Can anyone decode this ESP8266 core dump? [SOLVED] please read!

All ESP8266 boards running MicroPython.
Official boards are the Adafruit Huzzah and Feather boards.
Target audience: MicroPython users with an ESP8266 board.
User avatar
pythoncoder
Posts: 5956
Joined: Fri Jul 18, 2014 8:01 am
Location: UK
Contact:

Can anyone decode this ESP8266 core dump? [SOLVED] please read!

Post by pythoncoder » Tue Apr 21, 2020 4:29 pm

Code: Select all

Fatal exception 0(IllegalInstructionCause):
epc1=0x4027edf4, epc2=0x00000000, epc3=0x00000000, excvaddr=0x00000000, depc=0x00000000

 ets Jan  8 2013,rst cause:2, boot mode:(3,6)

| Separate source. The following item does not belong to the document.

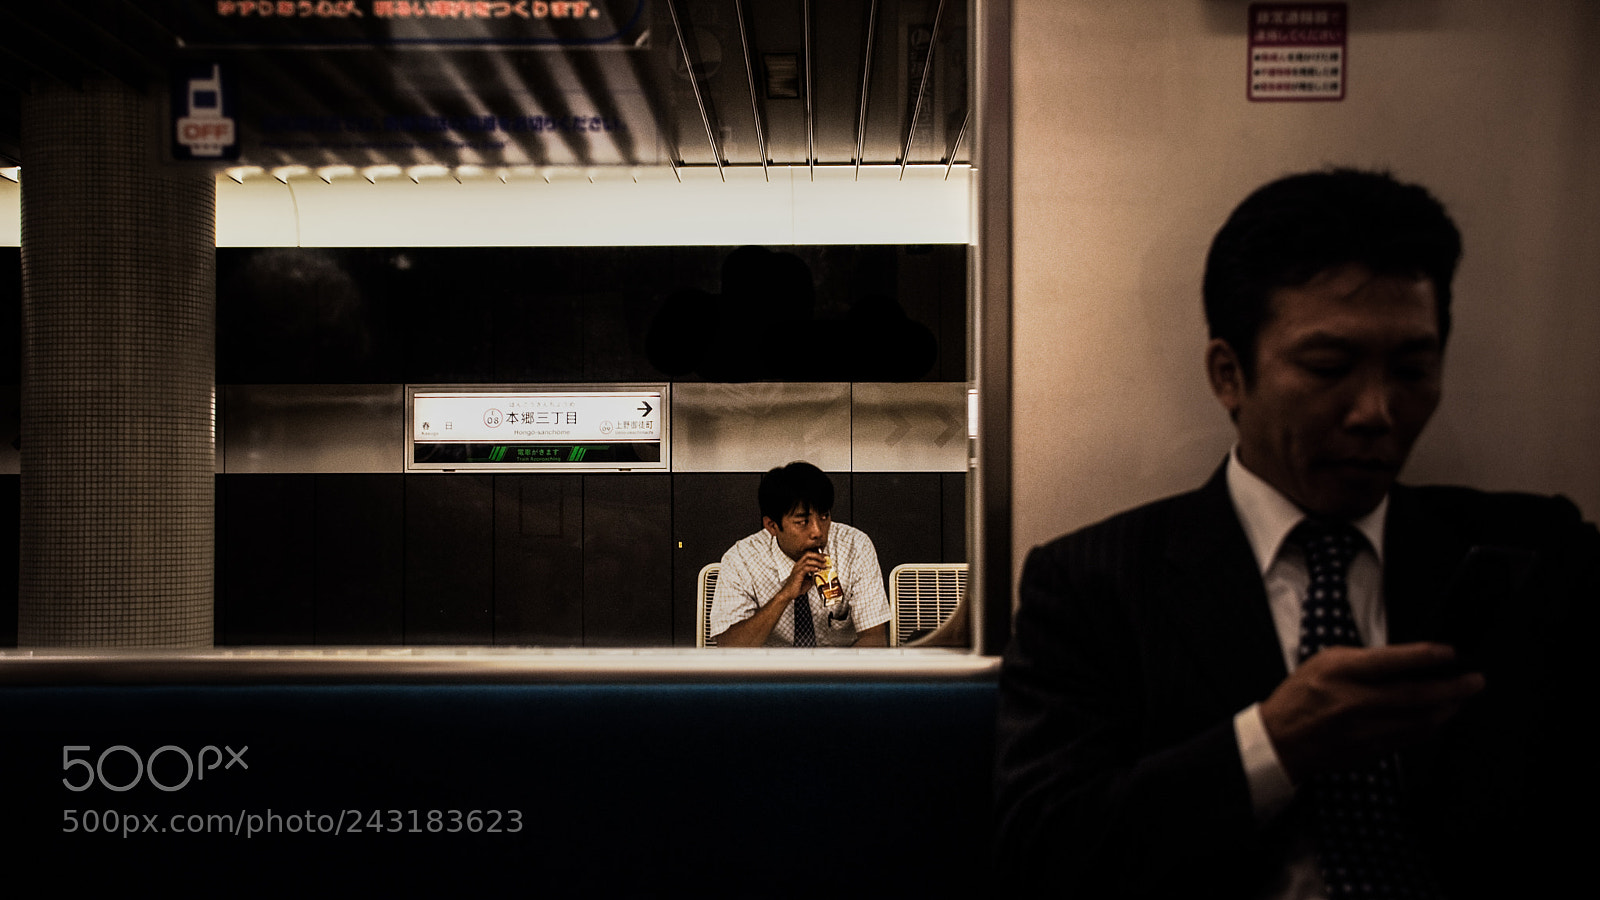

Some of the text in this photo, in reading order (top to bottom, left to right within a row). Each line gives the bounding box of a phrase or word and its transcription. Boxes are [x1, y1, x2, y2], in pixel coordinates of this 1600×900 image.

load 0x40100000, len 31604, room 16 
tail 4
chksum 0x14
load 0x3ffe8000, len 1004, room 4 
tail 8
chksum 0xc0
load 0x3ffe83f0, len 1064, room 0 
tail 8
chksum 0x62
csum 0x62
The code which provokes it is too long to post here (~240LOC), but it runs for some time before crashing. It has a soft pin interrupt and uses I2C. MicroPython produces no traceback. Does this dump tell us anything?
Peter Hinch
Index to my micropython libraries.

User avatar
tve
Posts: 216
Joined: Wed Jan 01, 2020 10:12 pm
Location: Santa Barbara, CA
Contact:

Re: Can anyone decode this ESP8266 core dump?

Post by tve » Tue Apr 21, 2020 5:36 pm

IllegalInstruction means you're executing some garbage. I'd look into the .map file to see where 0x4027edf4 is and whether it provides any clue.
Is there any way to tell the "OS" to produce a stack dump? I seem to remember writing a tool that takes the raw stack dump and tries to construct a backtrace from it by finding words that look like they point to code and then running gdb to get the source line. But this was using the "nonos-sdk".

User avatar
jimmo
Posts: 2754
Joined: Tue Aug 08, 2017 1:57 am
Location: Sydney, Australia
Contact:

Re: Can anyone decode this ESP8266 core dump?

Post by jimmo » Wed Apr 22, 2020 3:05 am

pythoncoder wrote:
Tue Apr 21, 2020 4:29 pm
Does this dump tell us anything?
As TvE says, you'd need the exact .map file (or better, the .elf file) that the firmware bin was built with. If it's release 1.12 I can probably see if Damien has it. Unfortunately if I build locally I won't necessarily get the same layout, but if you've compiled it locally and have the .bin and the .elf/.map then that would be useful.

(Edit, just realise the elf and map files are on the downloads page)

Which version are you running, it seems likely that it's probably esp8266-20200421-v1.12-388-g388d419ba.bin? That PC address points to 8 bytes of static const data at the end of pin_init0. Which would suggest that it's somehow running past the ret.n immediately before it. Maybe some sort of race with a double-interrupt?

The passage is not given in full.